→ Problem statement: Output the records exactly, and drop each picture.

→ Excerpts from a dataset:
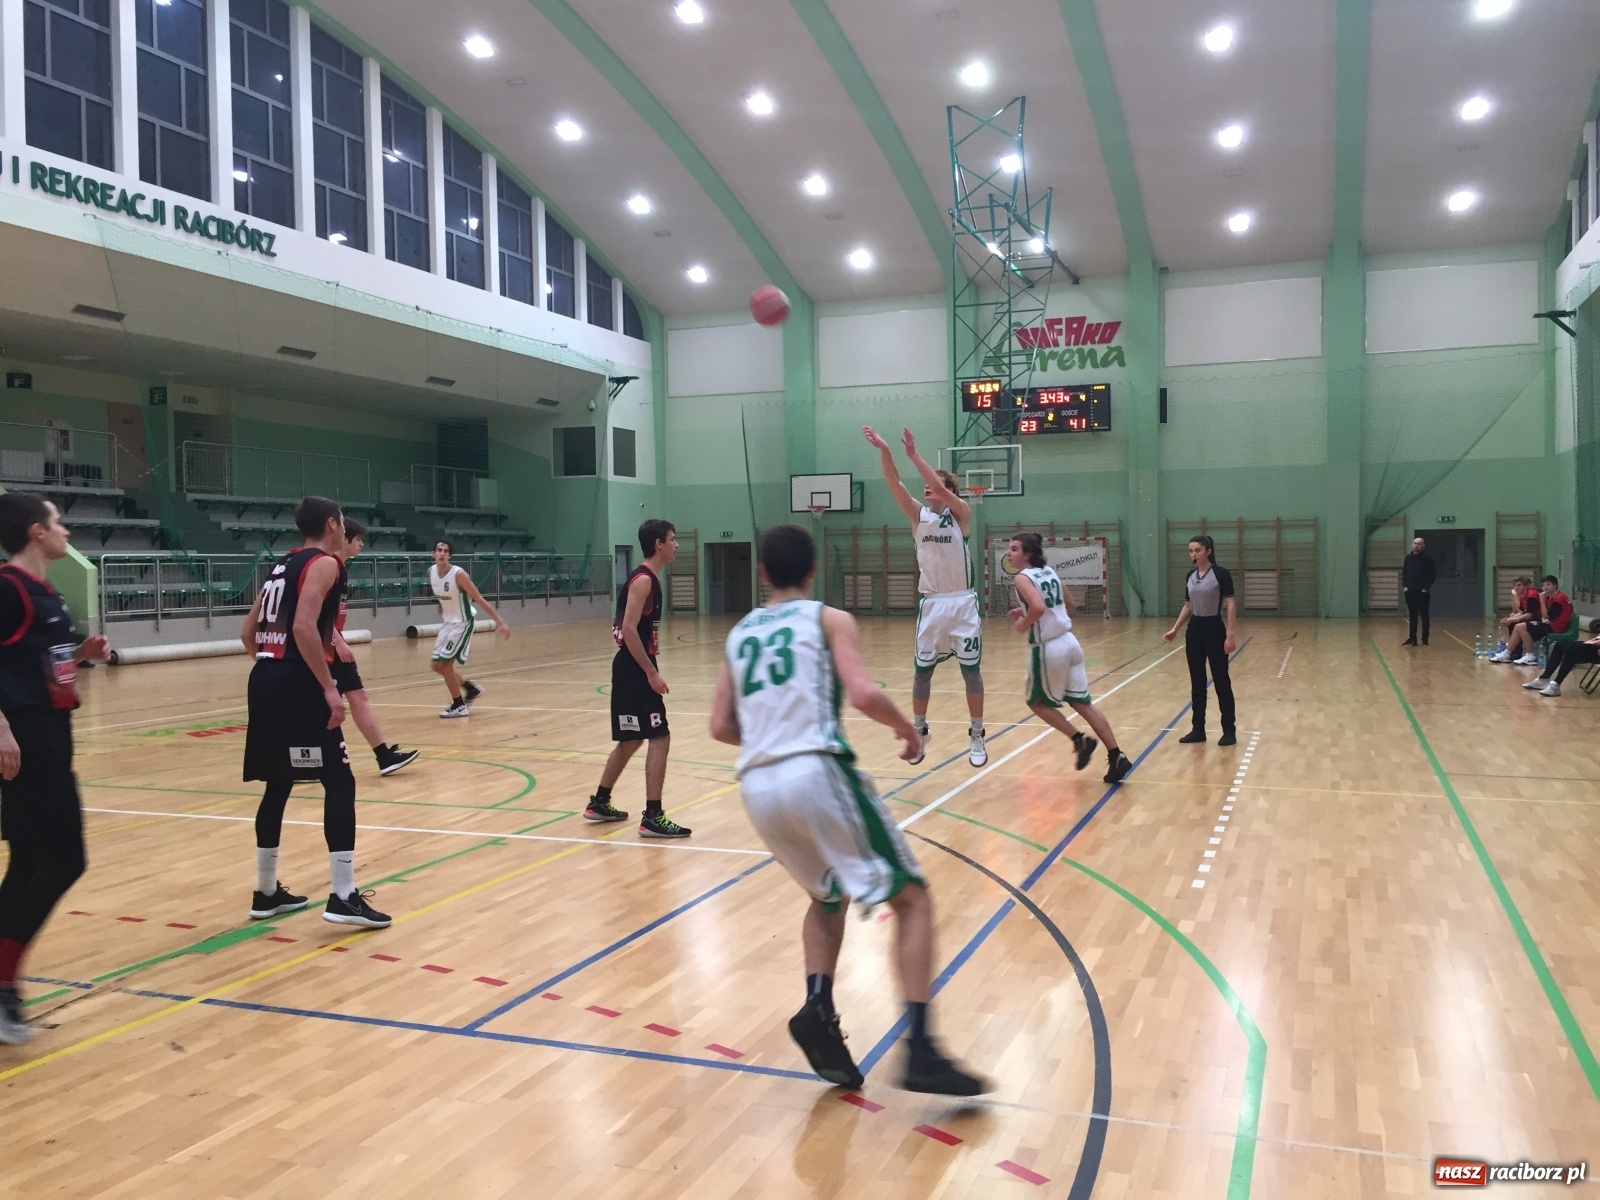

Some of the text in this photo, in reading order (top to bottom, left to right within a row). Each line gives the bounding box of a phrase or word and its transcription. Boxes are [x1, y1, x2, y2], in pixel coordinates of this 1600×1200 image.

[12, 155, 20, 184] I
[30, 161, 166, 225] REKREACJI
[174, 205, 277, 258] RACIBÓRZ
[977, 394, 992, 408] 15
[1020, 420, 1037, 432] 23
[1069, 418, 1086, 429] 41
[443, 581, 450, 592] 6
[1041, 578, 1062, 608] 32
[446, 641, 454, 651] 6
[963, 636, 980, 653] 24
[737, 627, 794, 697] 23
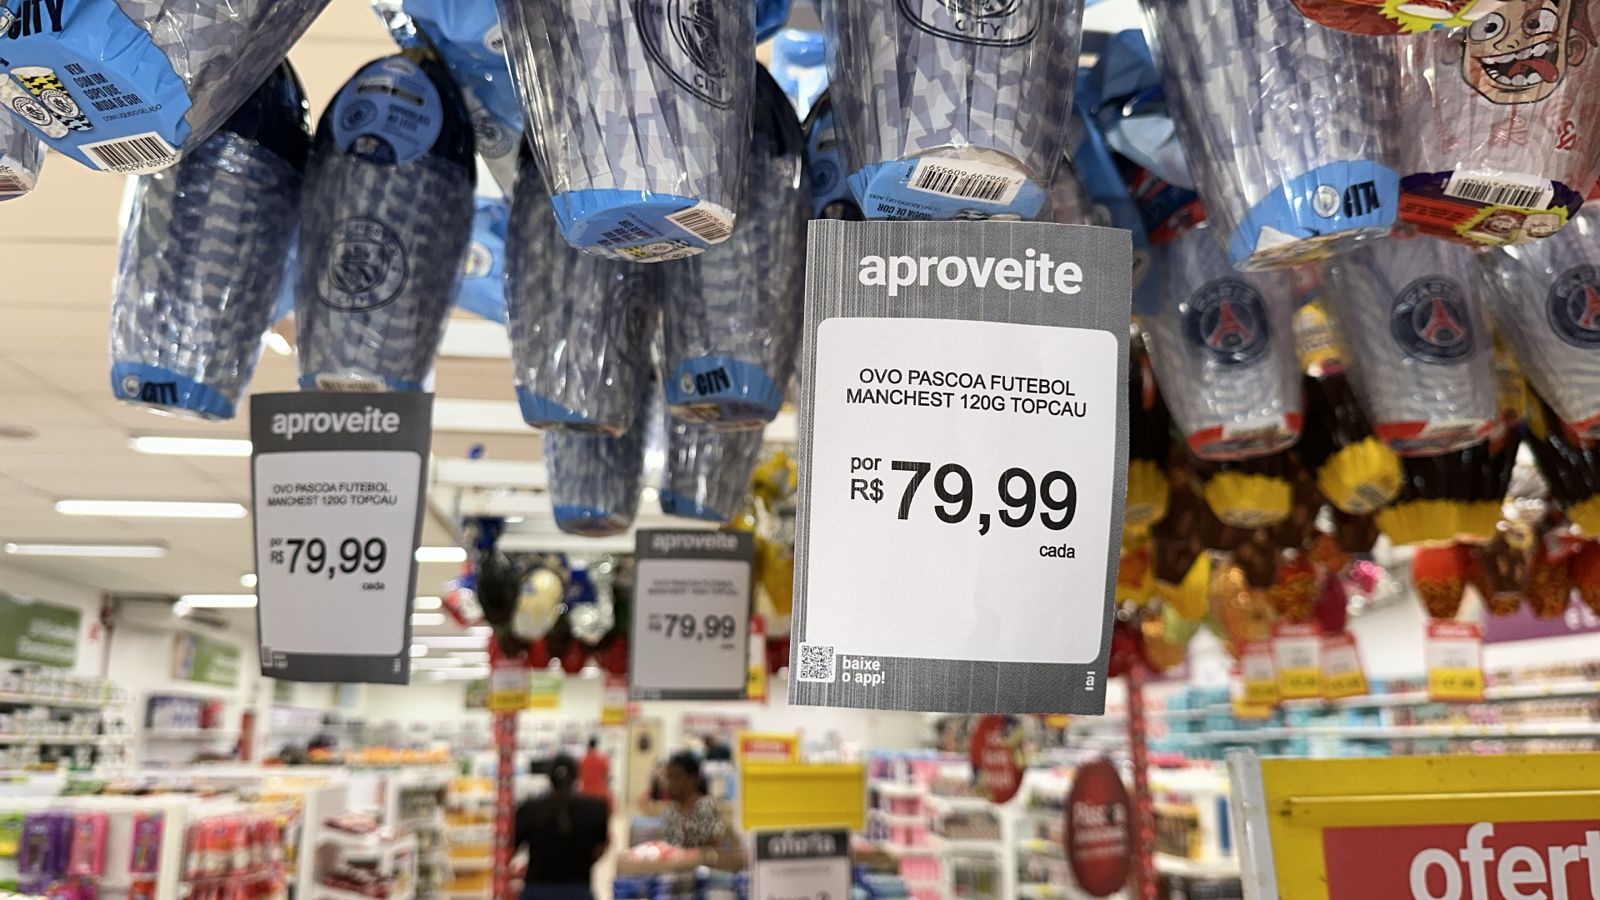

→ Response box:
Some of the text in this photo, in reading order (top to bottom, left to right within a row). Each line gives the bounding box of a phrase or word and its transcription. Boxes are [x1, y1, x2, y2], in pixel coordinates of this 1600×1200 image.

[12, 155, 20, 184] I
[30, 161, 166, 225] REKREACJI
[174, 205, 277, 258] RACIBÓRZ
[977, 394, 992, 408] 15
[1020, 420, 1037, 432] 23
[1069, 418, 1086, 429] 41
[443, 581, 450, 592] 6
[1041, 578, 1062, 608] 32
[446, 641, 454, 651] 6
[963, 636, 980, 653] 24
[737, 627, 794, 697] 23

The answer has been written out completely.